España ha vuelto a hacer historia y la afición ha respondido como merecía una noche inolvidable. La conquista del segundo Mundial por parte de la selección española ha desatado una celebración multitudinaria en Madrid, donde dos millones de personas, según datos de la Delegación del Gobierno, salieron a las calles para acompañar a los campeones en una rúa que quedará para el recuerdo.
Tras imponerse a Argentina en la final y conquistar la segunda estrella para el fútbol español, los internacionales regresaron al país para vivir una jornada repleta de homenajes que culminó con un recorrido en autobús descapotado por el centro de la capital.
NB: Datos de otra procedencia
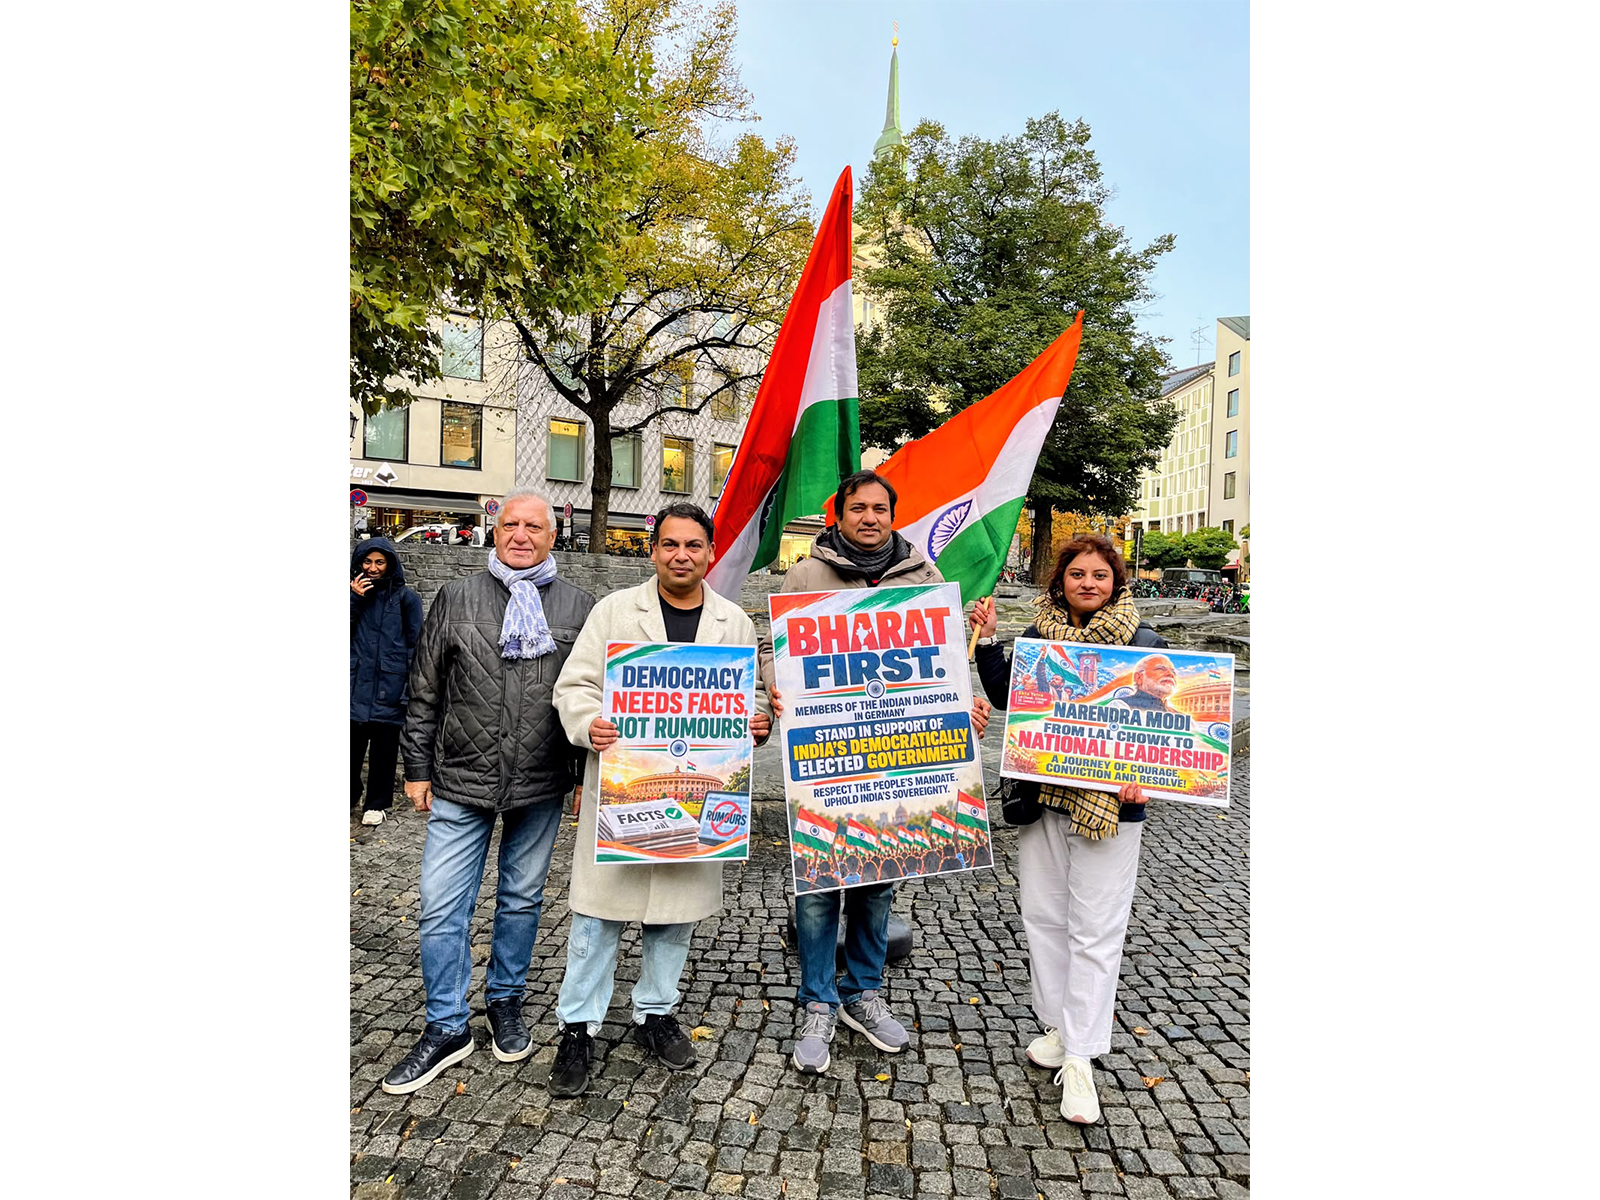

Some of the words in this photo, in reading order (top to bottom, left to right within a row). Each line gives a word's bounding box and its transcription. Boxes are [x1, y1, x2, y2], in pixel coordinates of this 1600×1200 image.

[787, 607, 950, 657] BHARAT
[622, 665, 743, 690] DEMOCRACY
[802, 646, 946, 689] FIRST.
[612, 691, 683, 714] NEEDS
[687, 692, 748, 717] FACTS,
[795, 702, 843, 717] MEMBERS
[845, 701, 858, 712] OF
[859, 699, 877, 710] THE
[879, 696, 912, 708] INDIAN
[913, 692, 959, 706] DIASPORA
[854, 712, 864, 721] IN
[865, 708, 906, 720] GERMANY
[1053, 701, 1142, 727] NARENDRA
[1146, 711, 1191, 731] MODI
[610, 716, 650, 739] NOT
[654, 717, 748, 739] RUMOURS!
[815, 726, 857, 742] STAND
[859, 725, 872, 738] IN
[874, 719, 926, 736] SUPPORT
[929, 718, 944, 730] OF
[1043, 722, 1085, 737] FROM
[1088, 727, 1113, 740] LAL
[1117, 730, 1171, 747] CHOWK
[1174, 736, 1194, 749] TO
[793, 741, 848, 761] INDIA'S
[850, 728, 969, 755] DEMOCRATICALLY
[1018, 730, 1110, 758] NATIONAL
[1114, 741, 1224, 771] LEADERSHIP
[798, 754, 864, 777] ELECTED
[866, 744, 967, 769] GOVERNMENT
[1051, 755, 1059, 763] A
[1062, 756, 1111, 769] JOURNEY
[1114, 762, 1128, 771] OF
[1130, 764, 1180, 778] COURAGE,
[813, 784, 852, 798] RESPECT
[853, 783, 871, 794] THE
[873, 777, 913, 792] PEOPLE'S
[915, 772, 959, 787] MANDATE.
[1046, 763, 1111, 779] CONVICTION
[1114, 772, 1139, 782] AND
[1140, 775, 1187, 788] RESOLVE!
[824, 796, 859, 808] UPHOLD
[860, 792, 891, 804] INDIA'S
[892, 784, 950, 799] SOVEREIGNTY.
[616, 809, 665, 825] FACTS
[705, 810, 747, 826] RUMOURS
Una rúa histórica para celebrar el segundo Mundial
La jornada comenzó con las recepciones oficiales en el Palacio de la Zarzuela y el Palacio de la Moncloa, donde la selección fue recibida por la Familia Real y, posteriormente, por el presidente del Gobierno.
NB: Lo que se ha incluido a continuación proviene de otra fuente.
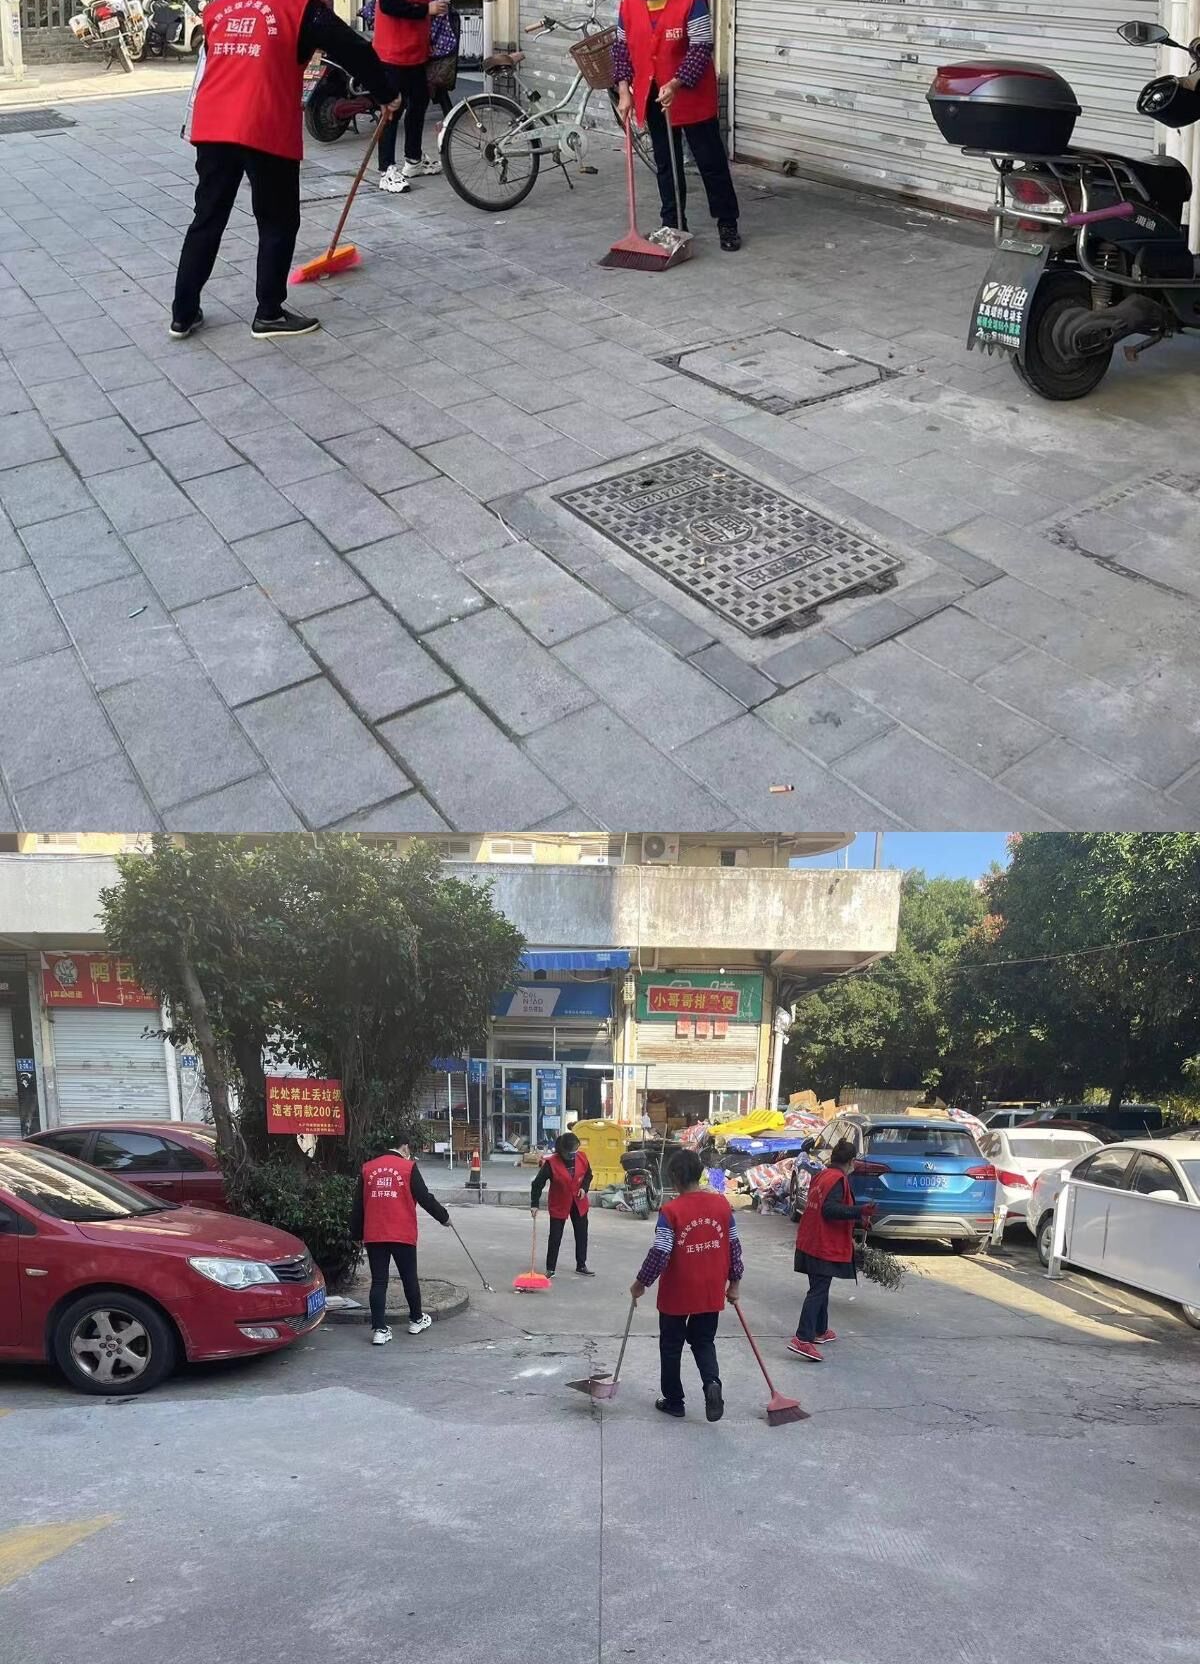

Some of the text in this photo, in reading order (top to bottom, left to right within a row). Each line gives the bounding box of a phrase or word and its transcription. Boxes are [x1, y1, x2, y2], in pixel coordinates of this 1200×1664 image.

[213, 42, 262, 57] 正轩环境
[271, 1103, 341, 1119] 违者罚款200元
Después de estos actos institucionales, los jugadores cambiaron los trajes oficiales por camisetas conmemorativas del título y se subieron al autobús descapotado para compartir la celebración con miles de aficionados que llevaban horas esperando su paso.
El recorrido arrancó desde Moncloa y atravesó algunas de las principales calles de Madrid, pasando por Princesa, Alberto Aguilera, Carranza, Sagasta, Génova, Goya, Serrano, la Plaza de la Independencia, la Puerta de Alcalá, Alfonso XII y Montalbán, hasta llegar al Palacio de Cibeles.
Durante todo el trayecto, los futbolistas no dejaron de cantar, bailar, hacerse fotografías con la Copa del Mundo y saludar a los aficionados, que abarrotaban aceras, medianas y cualquier rincón desde el que poder ver a los nuevos campeones del mundo.
Cibeles, epicentro de la gran fiesta del fútbol español
Aunque estaba previsto que el autobús llegara a la plaza de Cibeles alrededor de las 21:00 horas, el enorme seguimiento de la celebración provocó un retraso de más de una hora. De hecho, a las 23:25 horas los actos todavía continuaban, según informó EFE.
En el entorno de Cibeles esperaban más de 120.000 personas, que recibieron a la selección entre cánticos, banderas y un ambiente de auténtica euforia para poner el broche final a una jornada histórica para el deporte español.

Una vez finalizada la rúa, comenzó el espectáculo central de la celebración con diversas actuaciones musicales organizadas junto al Palacio de Cibeles, sede del Ayuntamiento de Madrid.
Entre los artistas que participaron en la fiesta estuvieron Ana Mena, Lola Índigo, Aitana y el grupo Arde Bogotá, que pusieron la banda sonora a una noche que quedará grabada en la memoria de miles de aficionados.
España celebra así un nuevo hito en su historia futbolística. Dieciséis años después de conquistar su primer Mundial, la selección vuelve a tocar el cielo y lo hace acompañada por una afición que convirtió las calles de Madrid en un auténtico mar de camisetas rojas para festejar una segunda estrella que ya forma parte de la historia del deporte español.